Saved entries

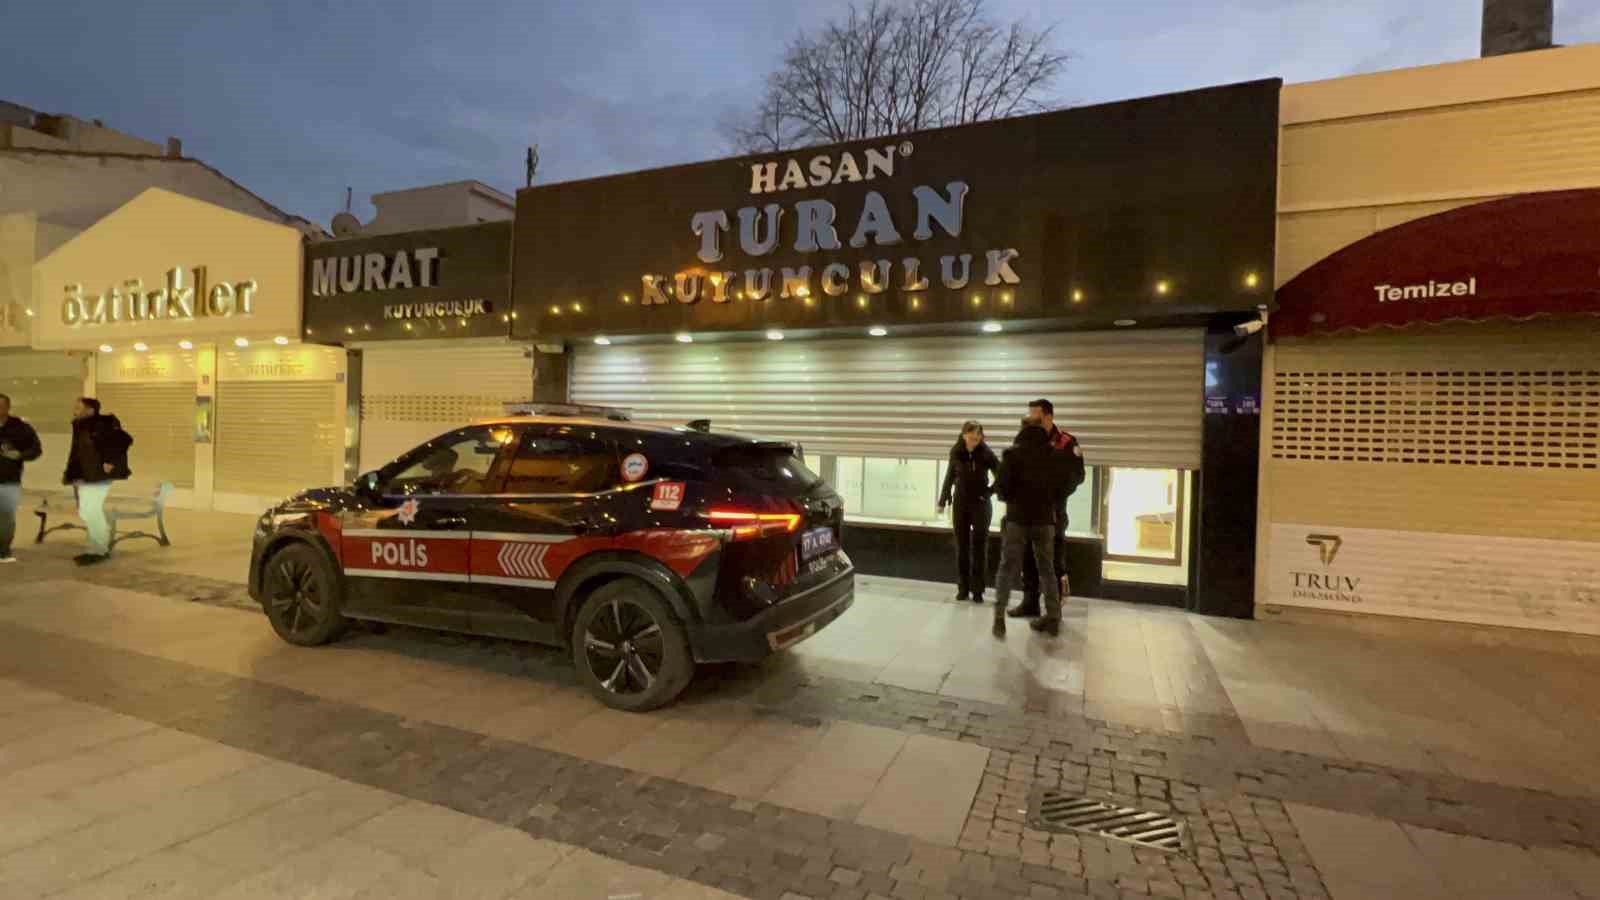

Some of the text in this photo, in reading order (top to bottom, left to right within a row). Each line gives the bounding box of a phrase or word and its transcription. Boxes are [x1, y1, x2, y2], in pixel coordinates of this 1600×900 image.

[691, 180, 970, 263] TURAN
[312, 247, 438, 297] MURAT
[640, 248, 1021, 305] KUYUMCULUK
[1374, 277, 1476, 302] Temizel
[62, 265, 257, 327] öztürkler
[659, 485, 679, 499] 112
[371, 540, 428, 567] POLİS
[1289, 571, 1361, 592] TRUV

— What you have to do —
Return all of the entries exactly as written, but drop any pictures they hold.

— Answer space —
Some of the text in this photo, in reading order (top to bottom, left to right within a row). Each line gives the bounding box of a phrase or word and its transcription. Boxes are [x1, y1, x2, y2], in pixel coordinates of this 1600×900 image.

[691, 180, 970, 263] TURAN
[312, 247, 438, 297] MURAT
[640, 248, 1021, 305] KUYUMCULUK
[1374, 277, 1476, 302] Temizel
[62, 265, 257, 327] öztürkler
[659, 485, 679, 499] 112
[371, 540, 428, 567] POLİS
[1289, 571, 1361, 592] TRUV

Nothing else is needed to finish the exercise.